**Excerpted data:**

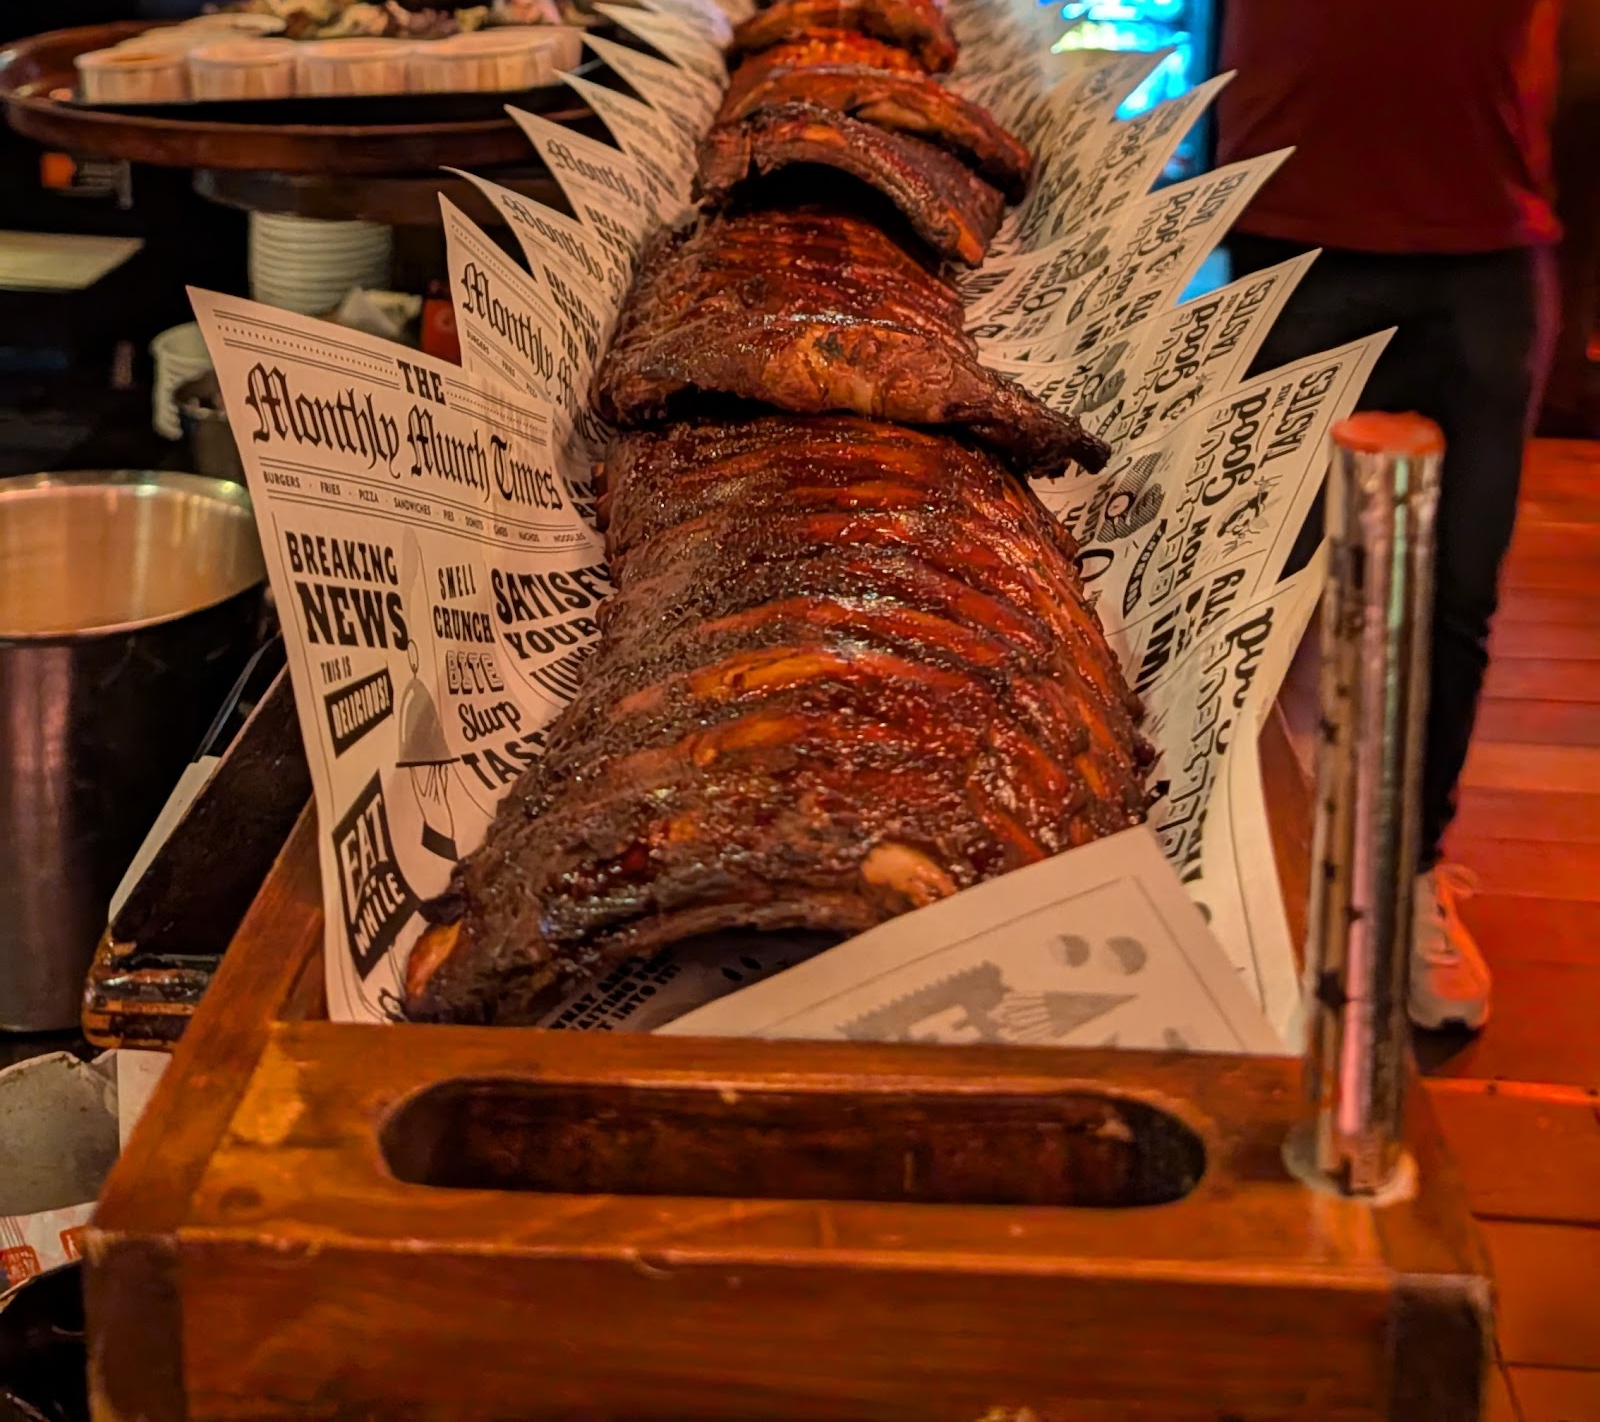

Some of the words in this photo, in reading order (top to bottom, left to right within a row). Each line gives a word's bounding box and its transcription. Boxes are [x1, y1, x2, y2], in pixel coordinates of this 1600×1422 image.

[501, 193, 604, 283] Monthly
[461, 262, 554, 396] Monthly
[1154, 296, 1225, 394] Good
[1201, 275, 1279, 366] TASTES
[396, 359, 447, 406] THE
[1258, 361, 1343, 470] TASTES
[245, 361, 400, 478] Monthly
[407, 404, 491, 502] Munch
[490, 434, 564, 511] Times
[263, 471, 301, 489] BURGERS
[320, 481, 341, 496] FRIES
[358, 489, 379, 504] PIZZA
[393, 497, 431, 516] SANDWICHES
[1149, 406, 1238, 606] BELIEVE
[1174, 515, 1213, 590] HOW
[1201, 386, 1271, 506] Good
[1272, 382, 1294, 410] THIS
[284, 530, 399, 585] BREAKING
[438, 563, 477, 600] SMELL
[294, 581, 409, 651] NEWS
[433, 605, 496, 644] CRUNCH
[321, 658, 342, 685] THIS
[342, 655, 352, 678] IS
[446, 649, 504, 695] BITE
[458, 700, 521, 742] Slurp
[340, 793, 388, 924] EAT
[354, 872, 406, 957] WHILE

**Required action:** Please give the data above again in exact form and omit every picture.

**Task response:**
Some of the words in this photo, in reading order (top to bottom, left to right within a row). Each line gives a word's bounding box and its transcription. Boxes are [x1, y1, x2, y2], in pixel coordinates of this 1600×1422 image.

[501, 193, 604, 283] Monthly
[461, 262, 554, 396] Monthly
[1154, 296, 1225, 394] Good
[1201, 275, 1279, 366] TASTES
[396, 359, 447, 406] THE
[1258, 361, 1343, 470] TASTES
[245, 361, 400, 478] Monthly
[407, 404, 491, 502] Munch
[490, 434, 564, 511] Times
[263, 471, 301, 489] BURGERS
[320, 481, 341, 496] FRIES
[358, 489, 379, 504] PIZZA
[393, 497, 431, 516] SANDWICHES
[1149, 406, 1238, 606] BELIEVE
[1174, 515, 1213, 590] HOW
[1201, 386, 1271, 506] Good
[1272, 382, 1294, 410] THIS
[284, 530, 399, 585] BREAKING
[438, 563, 477, 600] SMELL
[294, 581, 409, 651] NEWS
[433, 605, 496, 644] CRUNCH
[321, 658, 342, 685] THIS
[342, 655, 352, 678] IS
[446, 649, 504, 695] BITE
[458, 700, 521, 742] Slurp
[340, 793, 388, 924] EAT
[354, 872, 406, 957] WHILE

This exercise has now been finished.